Task directions =>
Word for word, reproduce every line of the data.

------------------------

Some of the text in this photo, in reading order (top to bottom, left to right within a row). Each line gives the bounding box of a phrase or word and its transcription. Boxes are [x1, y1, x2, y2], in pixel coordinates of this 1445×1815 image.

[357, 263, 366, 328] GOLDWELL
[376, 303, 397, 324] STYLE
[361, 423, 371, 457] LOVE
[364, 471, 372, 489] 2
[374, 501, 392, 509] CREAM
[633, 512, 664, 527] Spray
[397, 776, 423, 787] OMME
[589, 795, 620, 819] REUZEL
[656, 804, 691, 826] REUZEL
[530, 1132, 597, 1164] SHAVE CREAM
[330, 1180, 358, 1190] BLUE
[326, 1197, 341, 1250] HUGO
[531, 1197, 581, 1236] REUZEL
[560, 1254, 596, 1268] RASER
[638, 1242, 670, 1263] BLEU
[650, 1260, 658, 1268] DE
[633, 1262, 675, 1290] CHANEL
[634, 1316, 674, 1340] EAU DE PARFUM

------------------------

Reply to the task =>
Some of the text in this photo, in reading order (top to bottom, left to right within a row). Each line gives the bounding box of a phrase or word and its transcription. Boxes are [x1, y1, x2, y2], in pixel coordinates of this 1445×1815 image.

[357, 263, 366, 328] GOLDWELL
[376, 303, 397, 324] STYLE
[361, 423, 371, 457] LOVE
[364, 471, 372, 489] 2
[374, 501, 392, 509] CREAM
[633, 512, 664, 527] Spray
[397, 776, 423, 787] OMME
[589, 795, 620, 819] REUZEL
[656, 804, 691, 826] REUZEL
[530, 1132, 597, 1164] SHAVE CREAM
[330, 1180, 358, 1190] BLUE
[326, 1197, 341, 1250] HUGO
[531, 1197, 581, 1236] REUZEL
[560, 1254, 596, 1268] RASER
[638, 1242, 670, 1263] BLEU
[650, 1260, 658, 1268] DE
[633, 1262, 675, 1290] CHANEL
[634, 1316, 674, 1340] EAU DE PARFUM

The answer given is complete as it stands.